Richiesta
Merito creditizio: cosa verificano le banche
La verifica del merito creditizio decide se ottiene un prestito e a quale tasso. Non è un segreto – e con un po' di preparazione l'esito è migliore.
Due domande, due fonti
Prima di un'approvazione ogni banca risponde a due domande: questa persona può pagare la rata, e in passato ha pagato con affidabilità? Alla prima risponde il Suo bilancio familiare di entrate e uscite. Alla seconda risponde un sistema di informazioni creditizie – in Italia soprattutto CRIF, in Germania la Schufa, in Austria il KSV1870, nei Paesi Bassi il BKR, in Belgio la Centrale dei crediti ai privati della Banca nazionale, in Spagna ASNEF e CIRBE, in Francia il FICP della Banque de France. I sistemi sono diversi, il principio è lo stesso: vengono registrati i prestiti esistenti, le irregolarità nei pagamenti e in parte anche il numero di richieste.

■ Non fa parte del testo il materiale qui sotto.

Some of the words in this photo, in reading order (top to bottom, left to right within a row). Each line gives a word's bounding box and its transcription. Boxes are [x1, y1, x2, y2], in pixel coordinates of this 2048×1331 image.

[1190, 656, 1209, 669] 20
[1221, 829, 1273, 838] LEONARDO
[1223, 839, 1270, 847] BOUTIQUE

Richiesta di condizioni invece di richiesta di finanziamento
La differenza più importante per Lei: una richiesta di condizioni serve al confronto e non è visibile alle altre banche; non ha alcuna influenza sulla Sua valutazione. Una richiesta di finanziamento, invece, viene registrata e, in caso di più richieste in breve tempo, può dare l'impressione che Lei sia stato rifiutato. I portali di confronto seri effettuano esclusivamente richieste di condizioni. Solo quando accetta un'offerta, questa diventa un contratto, che viene registrato come qualsiasi altro prestito.
La finalità non viene trasmessa. Né il sistema di informazioni creditizie né la banca vengono a sapere che si tratta di un intervento estetico – si tratta di un prestito rateale non finalizzato.
Cosa conta
Hanno effetto positivo un reddito regolare da un impiego a tempo indeterminato, un periodo di prova concluso, una residenza stabile da lungo tempo e pochi impegni in corso. Hanno effetto negativo un reddito irregolare, molti piccoli prestiti, scoperti di conto esauriti e irregolarità nei pagamenti negli ultimi anni. I lavoratori autonomi hanno di norma bisogno di due o tre bilanci annuali o dichiarazioni dei redditi.

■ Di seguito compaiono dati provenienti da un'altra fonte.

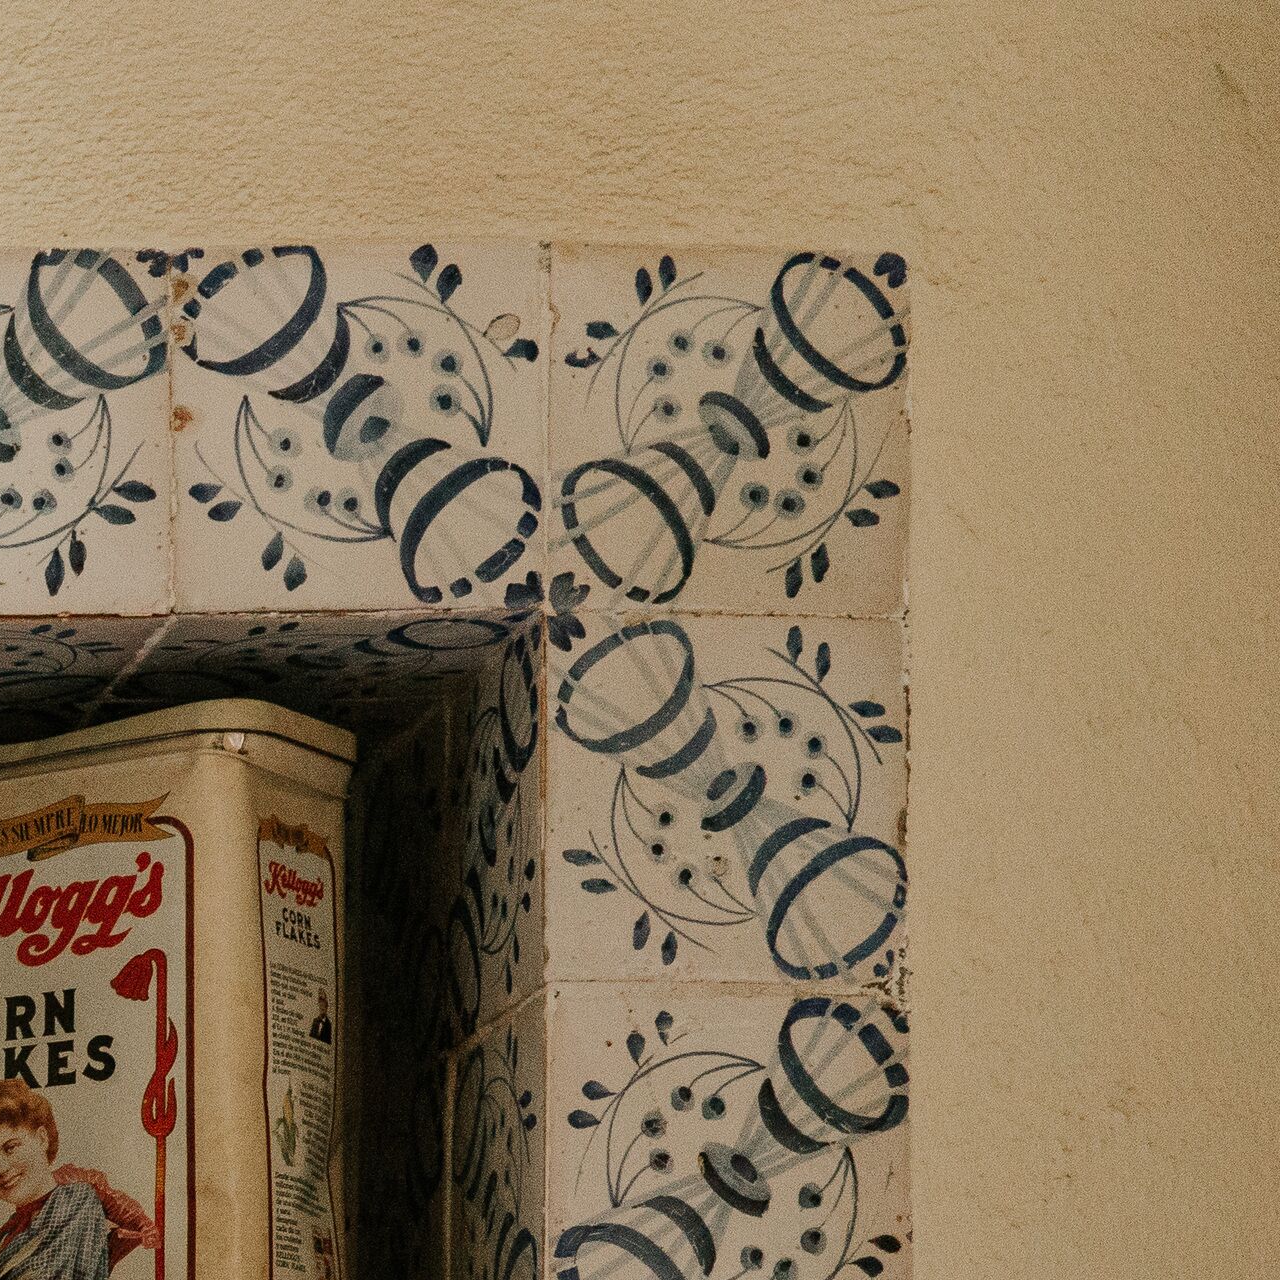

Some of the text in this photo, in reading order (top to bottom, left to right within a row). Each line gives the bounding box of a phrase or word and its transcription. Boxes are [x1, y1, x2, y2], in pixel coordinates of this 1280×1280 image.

[11, 808, 74, 842] SIEMPRE
[102, 813, 144, 837] MEJOR
[264, 860, 324, 908] Kellogg's
[275, 920, 320, 950] FLAKES
[282, 907, 312, 931] CORN

Un malinteso frequente: l'entità del reddito da sola non decide. Una banca preferisce concedere 8.000 euro a chi ha 2.400 euro netti e finanze ordinate piuttosto che a chi ha 4.000 euro netti e cinque rate in corso.
Preparazione in tre passi
Richiedere l'accesso ai propri dati. Nell'UE ha diritto a una copia gratuita dei dati registrati su di Lei presso il sistema di informazioni creditizie. La richieda alcune settimane prima della domanda e faccia correggere gli errori – le registrazioni non aggiornate sono più frequenti di quanto si pensi.

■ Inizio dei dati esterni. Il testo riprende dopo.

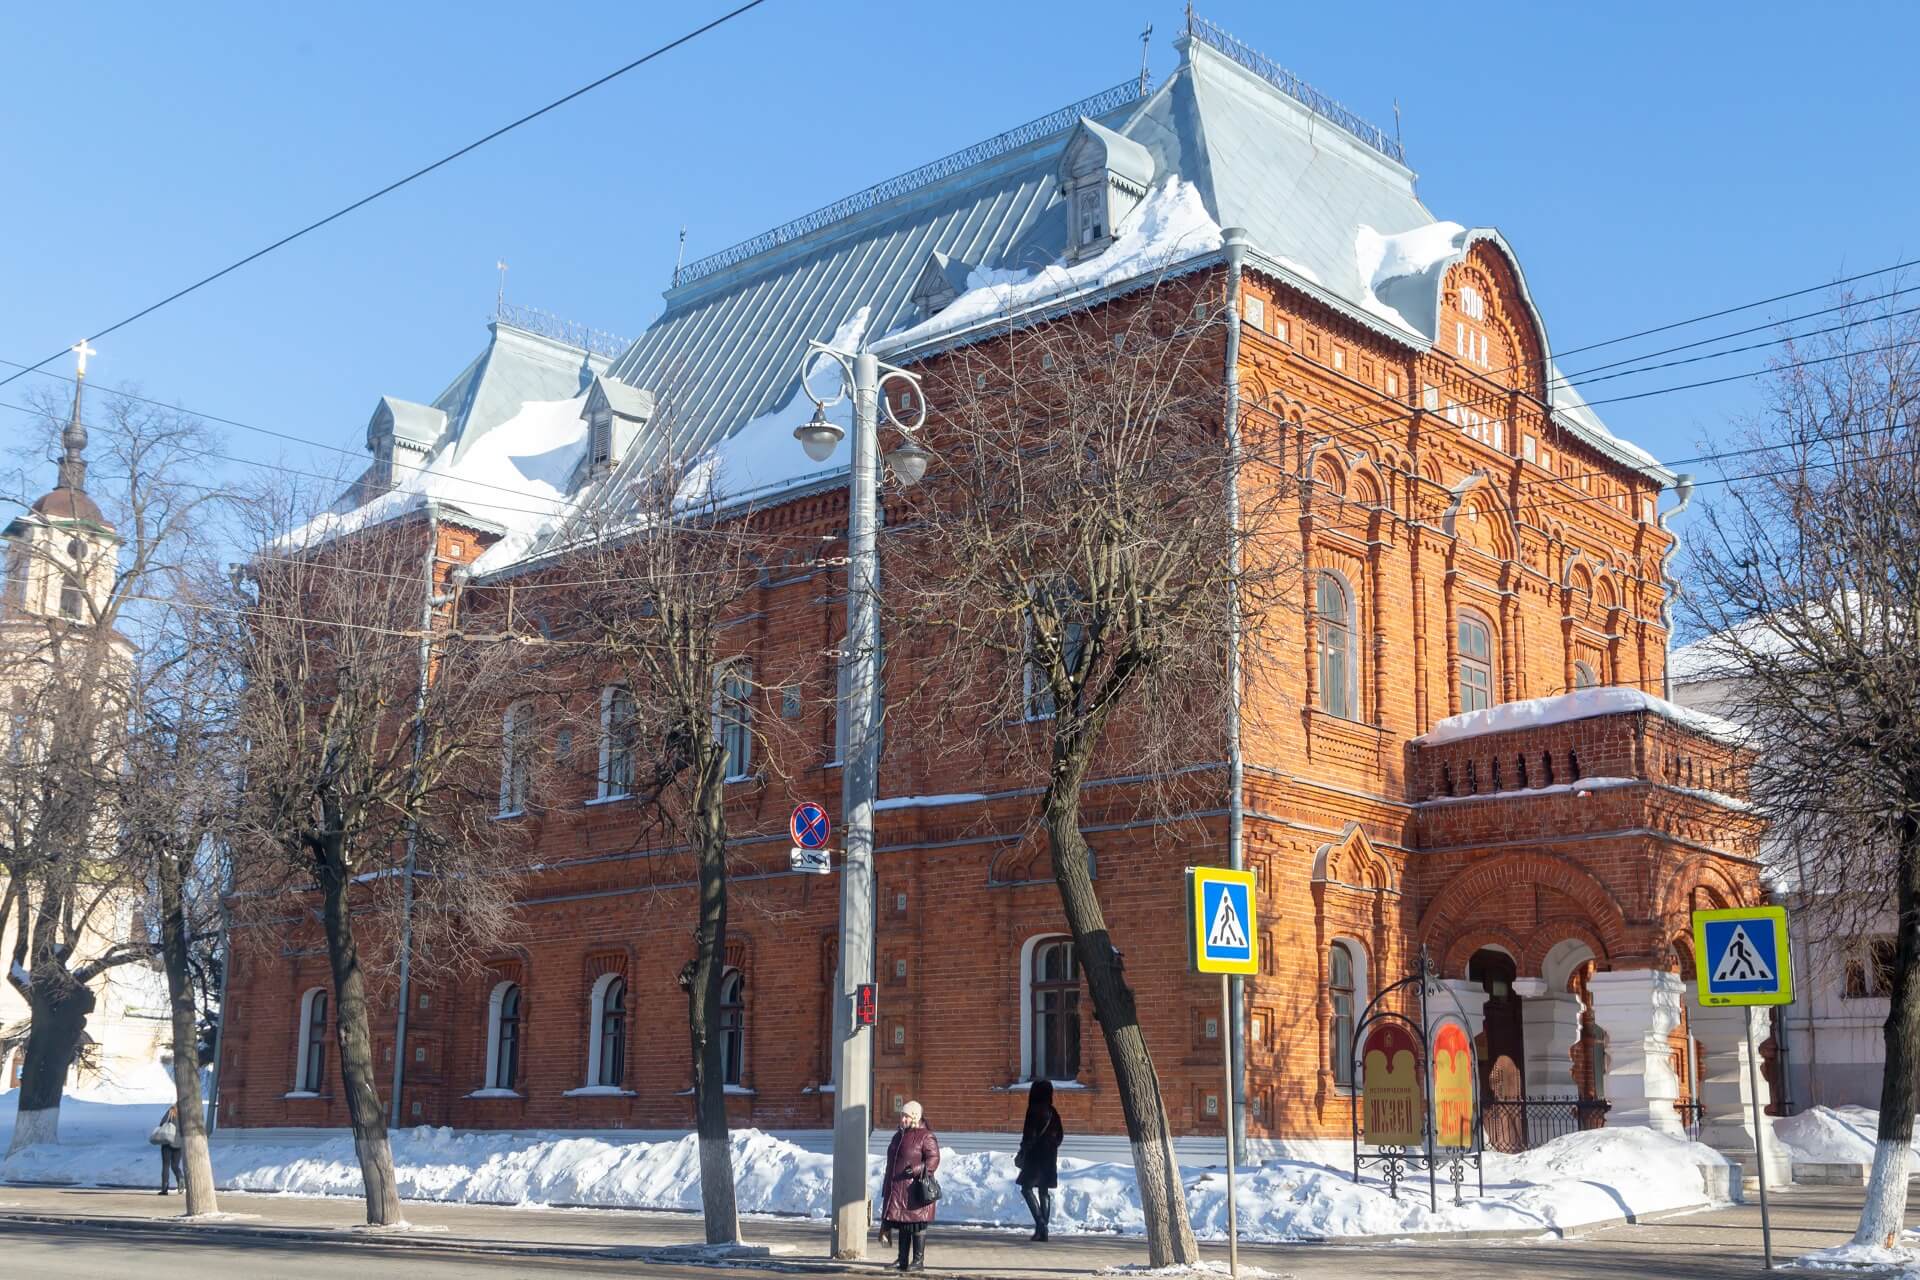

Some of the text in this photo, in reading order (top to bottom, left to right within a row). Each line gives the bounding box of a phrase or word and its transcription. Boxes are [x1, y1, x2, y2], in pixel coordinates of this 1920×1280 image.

[1459, 286, 1484, 321] 1900
[1456, 322, 1493, 370] В.А.К.
[1446, 399, 1502, 451] МУЗЕЙ
[1370, 1096, 1413, 1134] МУЗЕЙ

Sistemare le piccole cose. Uno scoperto di conto esaurito, una rata dimenticata presso un negozio online, un vecchio contratto telefonico con debito residuo: ciò che si può estinguere prima migliora il bilancio familiare.
Preparare i documenti. Documento d'identità, le ultime buste paga, gli estratti conto degli ultimi mesi, per i lavoratori autonomi la dichiarazione dei redditi. La maggior parte delle banche li richiede in formato digitale; chi li ha a portata di mano finisce prima.
Secondo intestatario
Chi non supera di poco la verifica da solo o desidera un tasso migliore può inserire nel contratto una seconda persona – ad esempio il partner o la partner. Entrambi rispondono allora in solido. Si tratta di un impegno serio per la seconda persona e va assunto solo con piena consapevolezza dell'importo e della durata.
Se non va a buon fine
Un rifiuto non è un giudizio sulla Sua persona, ma il risultato di un calcolo. Chieda al partner il motivo, sistemi ciò che si può sistemare e attenda alcuni mesi. Diffidi delle offerte „senza verifica del merito creditizio" – sono molto costose oppure poco serie. Un intervento che richiede un finanziamento di questo tipo dovrebbe aspettare.